The first duty of anyone, conservative or otherwise, it seems to me, is not to be a tiresome old ass. Not but what many asses (even old and tiresome ones) are right. But even if you are right, if you make enough of an ass out of yourself, no one will listen to you. Truth is never served well by being put in the most abrasive terms possible, unless the offense which is being protested is so grave, that it calls for denunciation in the strongest terms. Save your ammo for the beast so nasty that you need to shoot it twice.
Now, I do think that one should do all that one reasonably can do to avoid putting a child, especially an infant (or indeed, any kid under school age) into daycare. If you think about the economics of it, you pretty much can't afford to pay someone to pay as much and as quality attention to you child as you could yourself. And even if you could, you'd be ceding your place as parent to that person. A parent is not just a DNA donor. A parent is supposed to have an integral part in forming his or her child from the earliest days of infancy through the point when the child is old enough to start his or her own family.

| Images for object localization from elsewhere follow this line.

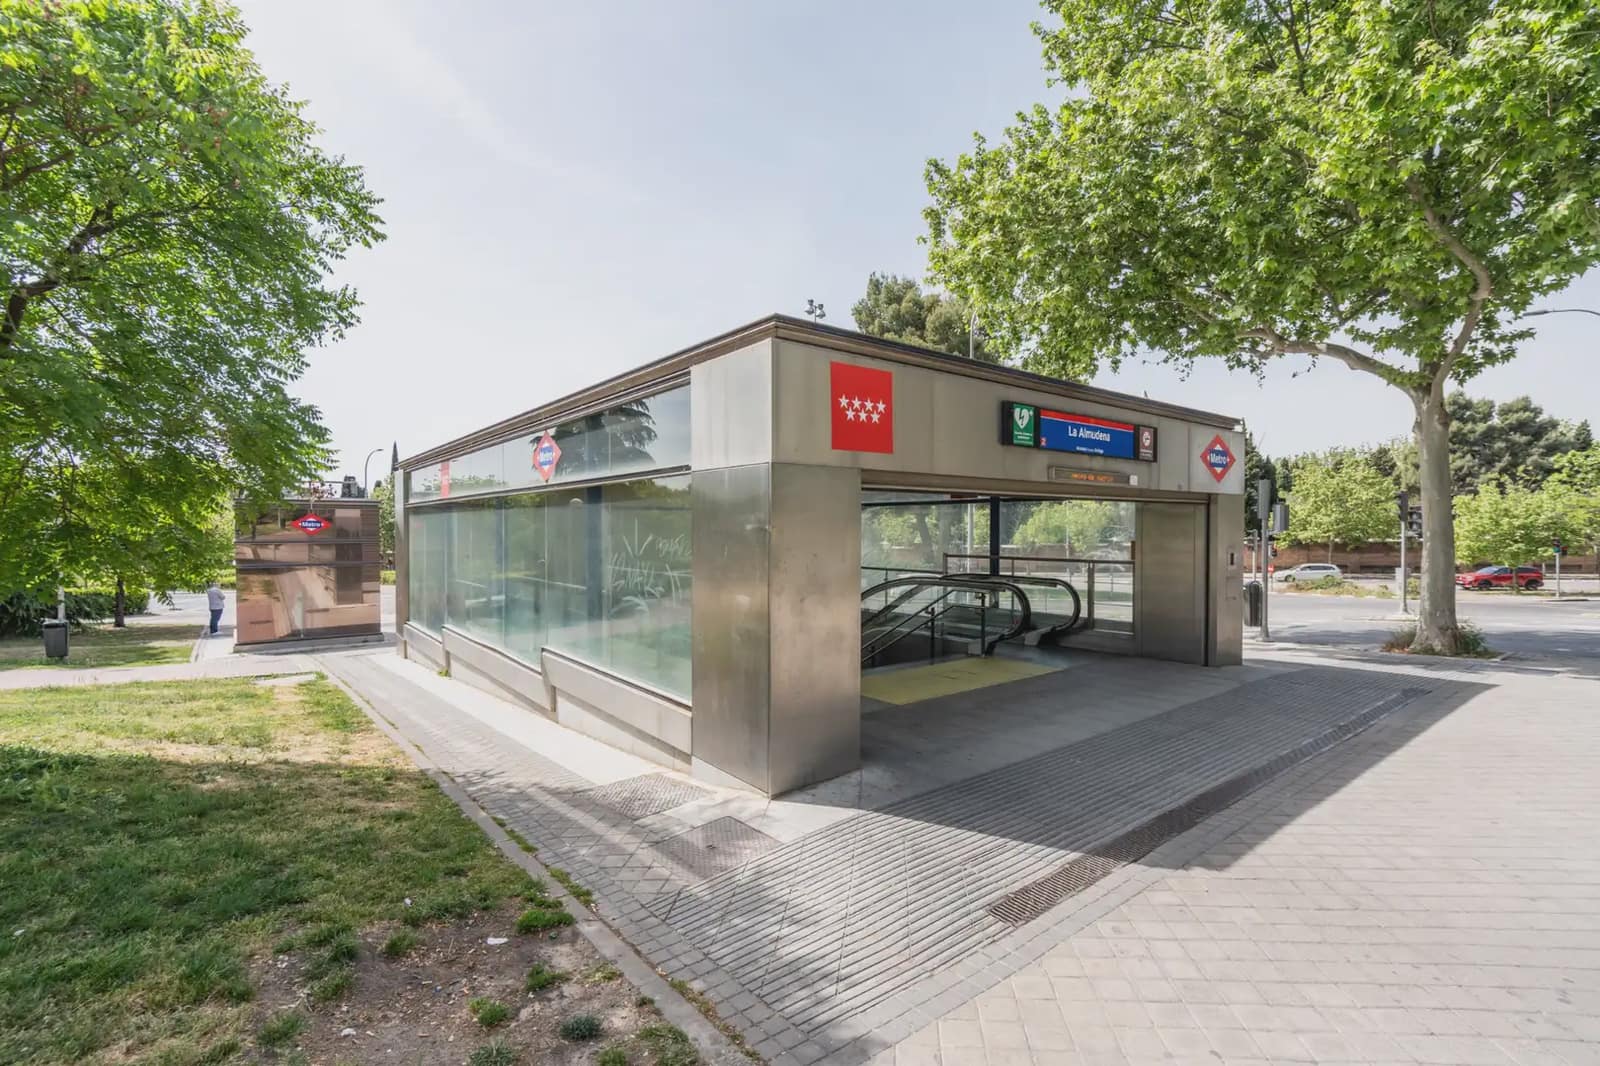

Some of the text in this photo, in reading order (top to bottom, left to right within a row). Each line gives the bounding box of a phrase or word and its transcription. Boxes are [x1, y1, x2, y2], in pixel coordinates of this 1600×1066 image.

[1068, 425, 1110, 442] La Almudena
[1210, 453, 1226, 465] Metro
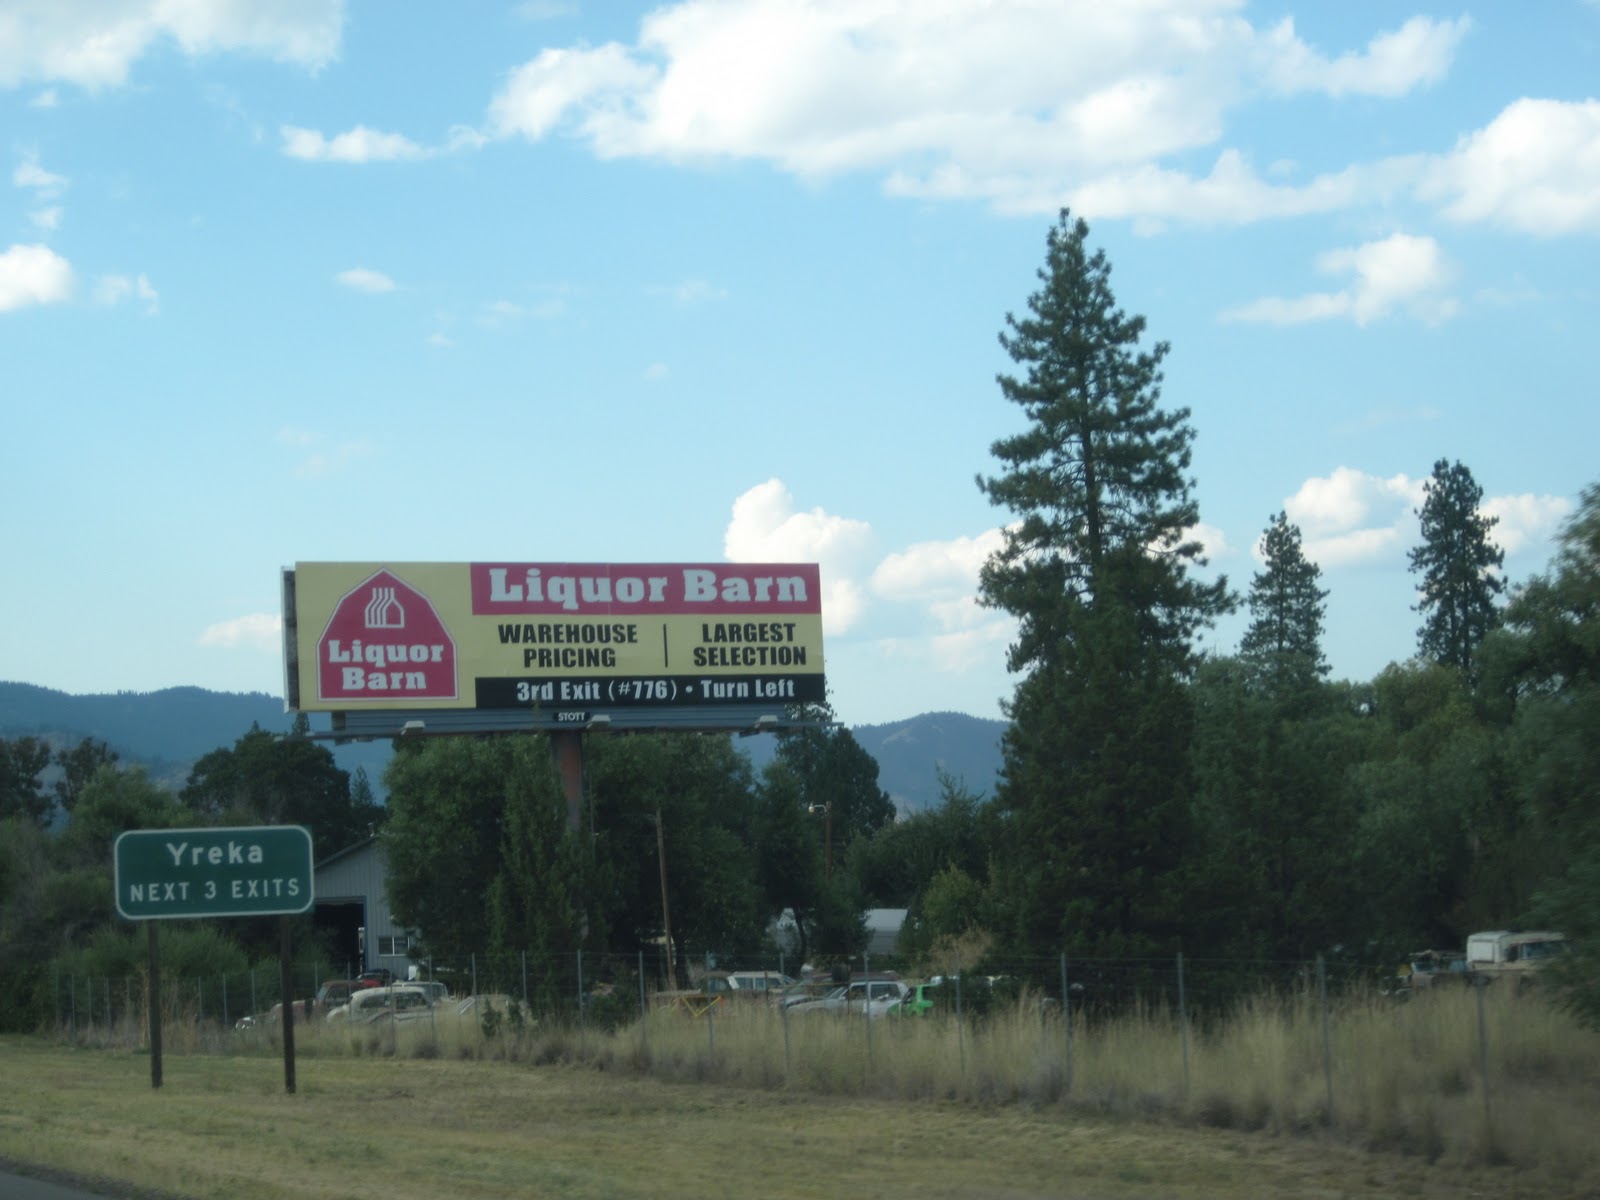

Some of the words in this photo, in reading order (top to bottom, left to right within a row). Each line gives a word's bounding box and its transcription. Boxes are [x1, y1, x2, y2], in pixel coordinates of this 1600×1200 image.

[489, 568, 668, 610] Liquor
[682, 569, 808, 602] Barn
[498, 624, 638, 644] WAREHOUSE
[702, 623, 796, 643] LARGEST
[328, 639, 444, 668] Liquor
[523, 648, 616, 668] PRICING
[693, 646, 806, 667] SELECTION
[342, 667, 426, 690] Barn
[516, 681, 554, 701] 3rd
[560, 681, 601, 700] Exit
[607, 679, 678, 702] (#776)
[700, 680, 749, 698] Turn
[755, 678, 795, 698] Left
[557, 712, 586, 722] STOTT
[166, 841, 264, 867] Yreka
[130, 882, 190, 902] NEXT
[204, 880, 217, 900] 3
[231, 878, 300, 899] EXITS

I think there's a lot that can be said, both as a matter of personal experience and probably also as the result of behavioral testing and observation that would support the ideal of having one parent be with young children full time. Or, short of that, having a real relative (grandmother, aunt, uncle, cousin, niece, nephew or close family friend) provide supplemental care. Children are supposed to bond closely to their guardians, especially in that early stage of life, so having your child spend most of her time with a stranger is doing her no favors. Either she's bonding to the wrong person, or she's not bonding at all.
What-is-more, from talking to the women I know at work, several of whom have very young (meaning under two) children in daycare, it seems pretty clear that many if not most women have a natural desire to stay home with their children. It's not that many mothers actively want to leave their children in daycare, but rather that they haven't successfully thought through the realistic strategies that could help them break the two income family mold.

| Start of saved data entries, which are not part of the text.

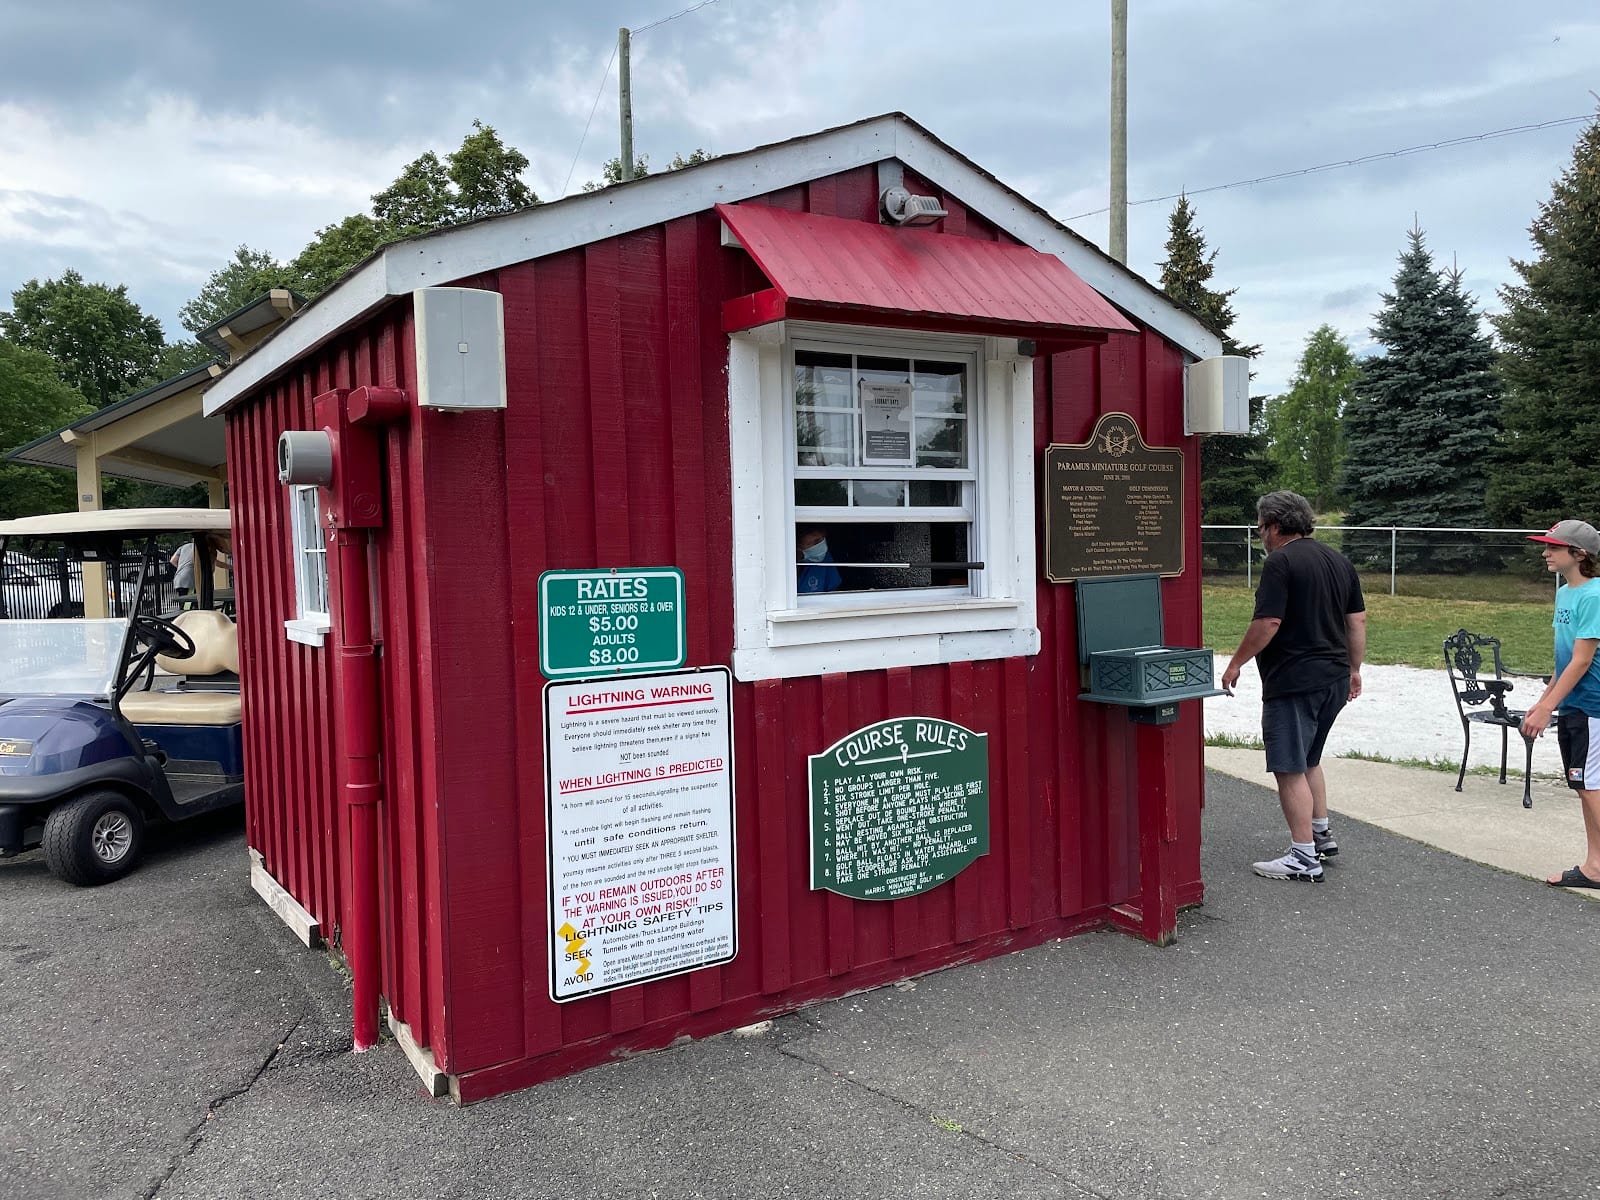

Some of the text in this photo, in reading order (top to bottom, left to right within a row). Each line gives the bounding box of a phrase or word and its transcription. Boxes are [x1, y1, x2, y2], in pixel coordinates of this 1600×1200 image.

[1057, 462, 1090, 471] PARAMUS
[1092, 463, 1128, 471] MINIATURE
[1149, 464, 1174, 472] COURSE
[578, 578, 647, 598] RATES
[550, 602, 673, 617] KIDS 12 & UNDER, SENIORS 62 & OVER
[589, 616, 638, 633] $5.00
[593, 633, 635, 646] ADULTS
[590, 647, 639, 666] $8.00
[569, 683, 712, 707] LIGHTNING WARNING
[565, 732, 590, 742] Everyone
[613, 726, 645, 736] immediately
[663, 722, 680, 730] shelter
[706, 718, 716, 726] they
[0, 742, 16, 752] Car
[836, 723, 968, 767] COURSE RULES
[560, 758, 723, 790] WHEN LIGHTNING IS PREDICTED
[824, 767, 923, 788] 1. PLAY AT YOUR OWN RISK.
[835, 787, 843, 795] NO
[848, 782, 873, 793] GROUPS
[877, 778, 901, 788] LARGER
[905, 775, 921, 784] THAN
[925, 772, 939, 781] FIVE.
[824, 781, 931, 805] 3. SIX STROKE LIMIT PER HOLE.
[824, 808, 831, 816] 4.
[835, 799, 869, 811] EVERYONE
[873, 797, 879, 805] IN
[891, 792, 911, 802] GROUP
[916, 789, 932, 798] MUST
[935, 786, 950, 794] PLAY
[966, 781, 982, 789] FIRST
[836, 787, 983, 818] SHOT BEFORE ANYONE PLAYS HIS SECOND SHOT.
[824, 823, 831, 832] 5.
[836, 815, 864, 826] REPLACE
[868, 812, 880, 820] OUT
[885, 810, 892, 818] OF
[897, 806, 916, 816] BOUND
[920, 803, 935, 811] BALL
[939, 799, 958, 808] WHERE
[836, 804, 966, 833] WENT OUT. TAKE ONE-STROKE PENALTY.
[575, 819, 708, 847] until safe conditions return.
[825, 811, 968, 847] 6. BALL RESTING AGAINST AN OBSTRUCTION
[836, 825, 928, 848] MAY BE MOVED SIX INCHES.
[562, 867, 724, 907] IF YOU REMAIN OUTDOORS AFTER
[565, 907, 582, 919] THE
[586, 898, 627, 915] WARNING
[631, 896, 639, 906] IS
[696, 882, 707, 893] DO
[711, 879, 722, 890] SO
[865, 886, 885, 895] HARRIS
[889, 880, 917, 890] MINIATURE
[565, 902, 723, 943] LIGHTNING SAFETY TIPS
[583, 897, 698, 929] AT YOUR OWN RISK!!!
[680, 918, 705, 930] Buildings
[603, 944, 628, 955] Tunnels
[630, 940, 644, 949] with
[657, 931, 684, 944] standing
[687, 927, 704, 936] water
[565, 948, 593, 962] SEEK
[564, 972, 594, 987] AVOID

However (and if I'm just being a soft voiced pinko about this, someone can tell me) I don't think you're going to get anyone moving in that direction by fulminating at them that they're negligent parents and negligent citizens. Just as one does not normally convince someone to convert by telling him that without the graces of Christ he'll go to hell. (That may be an accurate statement, but it's a bad opener.)

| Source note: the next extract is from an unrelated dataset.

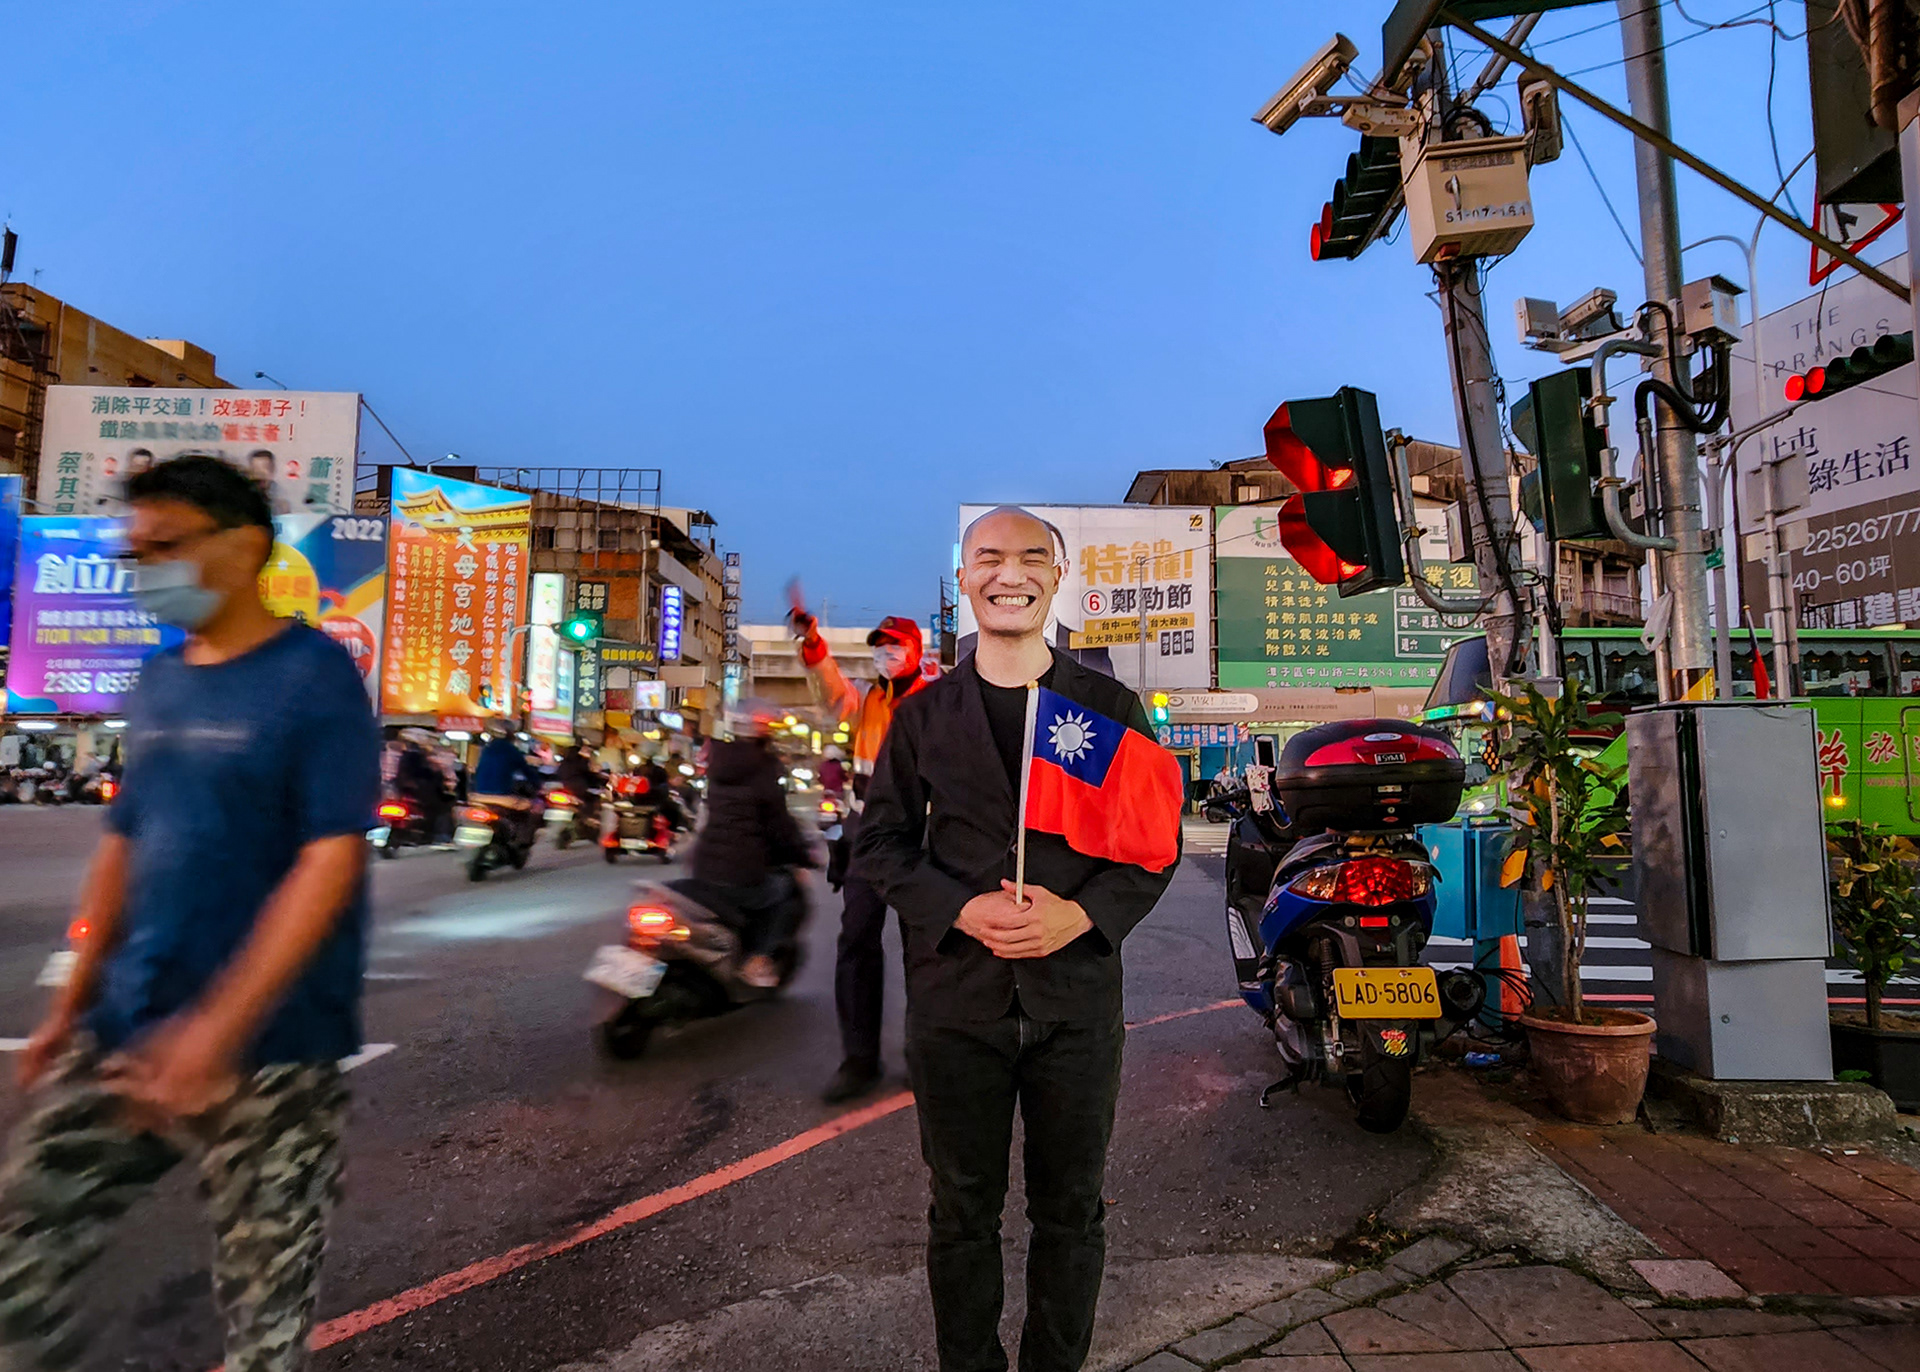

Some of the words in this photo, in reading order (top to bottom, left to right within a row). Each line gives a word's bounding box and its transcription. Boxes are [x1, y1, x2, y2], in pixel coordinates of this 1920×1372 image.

Which I guess is what bugs me about the heavily polemical nature of some of the Crunchy Con rhetoric. I think there are some very valid points that Rod is making about how people (conservative or otherwise) need to think systematically about what they believe to be the important things in life and then actively order their day-to-day lives according to those ideals, however if you spend too much of your energy shouting that everyone else outside your clique is a materialist, you're not going to get them to reexamine their lifestyle choices.